Set down all of the entries exactly, leaving nothing out.

------------

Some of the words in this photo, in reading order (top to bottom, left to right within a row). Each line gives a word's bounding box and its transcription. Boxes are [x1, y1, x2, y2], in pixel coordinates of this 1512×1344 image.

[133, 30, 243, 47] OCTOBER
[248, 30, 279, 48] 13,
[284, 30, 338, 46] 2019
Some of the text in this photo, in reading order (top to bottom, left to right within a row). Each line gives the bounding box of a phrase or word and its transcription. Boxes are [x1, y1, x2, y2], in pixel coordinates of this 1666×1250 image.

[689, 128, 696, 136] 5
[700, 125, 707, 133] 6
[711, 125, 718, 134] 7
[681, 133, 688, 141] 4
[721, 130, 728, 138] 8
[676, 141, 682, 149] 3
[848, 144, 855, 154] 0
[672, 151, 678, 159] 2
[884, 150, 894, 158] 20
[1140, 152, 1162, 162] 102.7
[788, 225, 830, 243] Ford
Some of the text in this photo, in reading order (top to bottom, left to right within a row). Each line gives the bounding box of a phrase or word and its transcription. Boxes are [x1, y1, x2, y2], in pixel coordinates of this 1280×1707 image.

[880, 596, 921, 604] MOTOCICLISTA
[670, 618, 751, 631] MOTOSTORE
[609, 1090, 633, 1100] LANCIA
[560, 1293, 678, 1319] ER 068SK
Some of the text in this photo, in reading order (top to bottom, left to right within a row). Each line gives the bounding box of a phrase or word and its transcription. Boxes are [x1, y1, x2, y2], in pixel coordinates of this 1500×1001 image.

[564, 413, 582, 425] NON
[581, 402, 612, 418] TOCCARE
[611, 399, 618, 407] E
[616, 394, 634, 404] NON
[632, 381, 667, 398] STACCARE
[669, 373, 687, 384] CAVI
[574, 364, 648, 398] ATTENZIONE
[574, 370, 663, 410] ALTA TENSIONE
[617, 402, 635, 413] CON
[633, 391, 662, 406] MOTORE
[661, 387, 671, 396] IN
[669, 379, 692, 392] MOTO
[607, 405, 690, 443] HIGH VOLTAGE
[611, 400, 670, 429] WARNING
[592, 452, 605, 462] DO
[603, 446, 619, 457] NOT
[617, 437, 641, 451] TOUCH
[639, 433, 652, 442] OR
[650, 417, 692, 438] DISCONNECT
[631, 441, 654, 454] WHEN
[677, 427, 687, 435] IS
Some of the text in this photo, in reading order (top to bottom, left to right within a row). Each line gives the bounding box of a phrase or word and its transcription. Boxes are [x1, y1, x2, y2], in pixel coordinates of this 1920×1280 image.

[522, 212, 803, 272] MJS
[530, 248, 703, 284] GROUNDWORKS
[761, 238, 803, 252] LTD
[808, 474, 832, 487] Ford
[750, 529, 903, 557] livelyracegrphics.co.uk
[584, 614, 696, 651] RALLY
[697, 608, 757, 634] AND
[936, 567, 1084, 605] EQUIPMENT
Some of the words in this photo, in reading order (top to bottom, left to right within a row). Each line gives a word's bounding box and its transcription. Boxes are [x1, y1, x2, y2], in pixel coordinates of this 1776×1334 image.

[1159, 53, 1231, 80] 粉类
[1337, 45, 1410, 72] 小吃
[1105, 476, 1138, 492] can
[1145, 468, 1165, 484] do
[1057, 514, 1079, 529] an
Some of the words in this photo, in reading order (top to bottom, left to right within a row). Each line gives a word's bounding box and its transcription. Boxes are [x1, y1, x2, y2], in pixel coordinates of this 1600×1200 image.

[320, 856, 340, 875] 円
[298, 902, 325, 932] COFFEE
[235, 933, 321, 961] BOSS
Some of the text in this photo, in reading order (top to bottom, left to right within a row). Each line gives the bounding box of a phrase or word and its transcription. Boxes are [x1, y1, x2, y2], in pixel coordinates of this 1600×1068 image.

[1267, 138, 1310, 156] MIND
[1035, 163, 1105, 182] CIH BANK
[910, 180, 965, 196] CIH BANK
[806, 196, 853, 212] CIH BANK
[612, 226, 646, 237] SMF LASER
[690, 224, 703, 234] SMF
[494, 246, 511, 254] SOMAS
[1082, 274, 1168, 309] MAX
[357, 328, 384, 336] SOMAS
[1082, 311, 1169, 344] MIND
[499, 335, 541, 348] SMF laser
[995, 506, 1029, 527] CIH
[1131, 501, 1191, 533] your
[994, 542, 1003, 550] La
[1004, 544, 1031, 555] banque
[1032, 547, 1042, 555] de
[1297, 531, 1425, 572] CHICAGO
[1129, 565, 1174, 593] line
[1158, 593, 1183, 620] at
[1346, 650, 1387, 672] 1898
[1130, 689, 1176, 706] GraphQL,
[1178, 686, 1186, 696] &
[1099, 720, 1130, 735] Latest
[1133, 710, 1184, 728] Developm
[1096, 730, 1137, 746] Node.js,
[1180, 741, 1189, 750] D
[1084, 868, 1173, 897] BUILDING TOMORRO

------------

Result for this exercise:
Some of the words in this photo, in reading order (top to bottom, left to right within a row). Each line gives a word's bounding box and its transcription. Boxes are [x1, y1, x2, y2], in pixel coordinates of this 1512×1344 image.

[133, 30, 243, 47] OCTOBER
[248, 30, 279, 48] 13,
[284, 30, 338, 46] 2019
Some of the text in this photo, in reading order (top to bottom, left to right within a row). Each line gives the bounding box of a phrase or word and its transcription. Boxes are [x1, y1, x2, y2], in pixel coordinates of this 1666×1250 image.

[689, 128, 696, 136] 5
[700, 125, 707, 133] 6
[711, 125, 718, 134] 7
[681, 133, 688, 141] 4
[721, 130, 728, 138] 8
[676, 141, 682, 149] 3
[848, 144, 855, 154] 0
[672, 151, 678, 159] 2
[884, 150, 894, 158] 20
[1140, 152, 1162, 162] 102.7
[788, 225, 830, 243] Ford
Some of the text in this photo, in reading order (top to bottom, left to right within a row). Each line gives the bounding box of a phrase or word and its transcription. Boxes are [x1, y1, x2, y2], in pixel coordinates of this 1280×1707 image.

[880, 596, 921, 604] MOTOCICLISTA
[670, 618, 751, 631] MOTOSTORE
[609, 1090, 633, 1100] LANCIA
[560, 1293, 678, 1319] ER 068SK
Some of the text in this photo, in reading order (top to bottom, left to right within a row). Each line gives the bounding box of a phrase or word and its transcription. Boxes are [x1, y1, x2, y2], in pixel coordinates of this 1500×1001 image.

[564, 413, 582, 425] NON
[581, 402, 612, 418] TOCCARE
[611, 399, 618, 407] E
[616, 394, 634, 404] NON
[632, 381, 667, 398] STACCARE
[669, 373, 687, 384] CAVI
[574, 364, 648, 398] ATTENZIONE
[574, 370, 663, 410] ALTA TENSIONE
[617, 402, 635, 413] CON
[633, 391, 662, 406] MOTORE
[661, 387, 671, 396] IN
[669, 379, 692, 392] MOTO
[607, 405, 690, 443] HIGH VOLTAGE
[611, 400, 670, 429] WARNING
[592, 452, 605, 462] DO
[603, 446, 619, 457] NOT
[617, 437, 641, 451] TOUCH
[639, 433, 652, 442] OR
[650, 417, 692, 438] DISCONNECT
[631, 441, 654, 454] WHEN
[677, 427, 687, 435] IS
Some of the text in this photo, in reading order (top to bottom, left to right within a row). Each line gives the bounding box of a phrase or word and its transcription. Boxes are [x1, y1, x2, y2], in pixel coordinates of this 1920×1280 image.

[522, 212, 803, 272] MJS
[530, 248, 703, 284] GROUNDWORKS
[761, 238, 803, 252] LTD
[808, 474, 832, 487] Ford
[750, 529, 903, 557] livelyracegrphics.co.uk
[584, 614, 696, 651] RALLY
[697, 608, 757, 634] AND
[936, 567, 1084, 605] EQUIPMENT
Some of the words in this photo, in reading order (top to bottom, left to right within a row). Each line gives a word's bounding box and its transcription. Boxes are [x1, y1, x2, y2], in pixel coordinates of this 1776×1334 image.

[1159, 53, 1231, 80] 粉类
[1337, 45, 1410, 72] 小吃
[1105, 476, 1138, 492] can
[1145, 468, 1165, 484] do
[1057, 514, 1079, 529] an
Some of the words in this photo, in reading order (top to bottom, left to right within a row). Each line gives a word's bounding box and its transcription. Boxes are [x1, y1, x2, y2], in pixel coordinates of this 1600×1200 image.

[320, 856, 340, 875] 円
[298, 902, 325, 932] COFFEE
[235, 933, 321, 961] BOSS
Some of the text in this photo, in reading order (top to bottom, left to right within a row). Each line gives the bounding box of a phrase or word and its transcription. Boxes are [x1, y1, x2, y2], in pixel coordinates of this 1600×1068 image.

[1267, 138, 1310, 156] MIND
[1035, 163, 1105, 182] CIH BANK
[910, 180, 965, 196] CIH BANK
[806, 196, 853, 212] CIH BANK
[612, 226, 646, 237] SMF LASER
[690, 224, 703, 234] SMF
[494, 246, 511, 254] SOMAS
[1082, 274, 1168, 309] MAX
[357, 328, 384, 336] SOMAS
[1082, 311, 1169, 344] MIND
[499, 335, 541, 348] SMF laser
[995, 506, 1029, 527] CIH
[1131, 501, 1191, 533] your
[994, 542, 1003, 550] La
[1004, 544, 1031, 555] banque
[1032, 547, 1042, 555] de
[1297, 531, 1425, 572] CHICAGO
[1129, 565, 1174, 593] line
[1158, 593, 1183, 620] at
[1346, 650, 1387, 672] 1898
[1130, 689, 1176, 706] GraphQL,
[1178, 686, 1186, 696] &
[1099, 720, 1130, 735] Latest
[1133, 710, 1184, 728] Developm
[1096, 730, 1137, 746] Node.js,
[1180, 741, 1189, 750] D
[1084, 868, 1173, 897] BUILDING TOMORRO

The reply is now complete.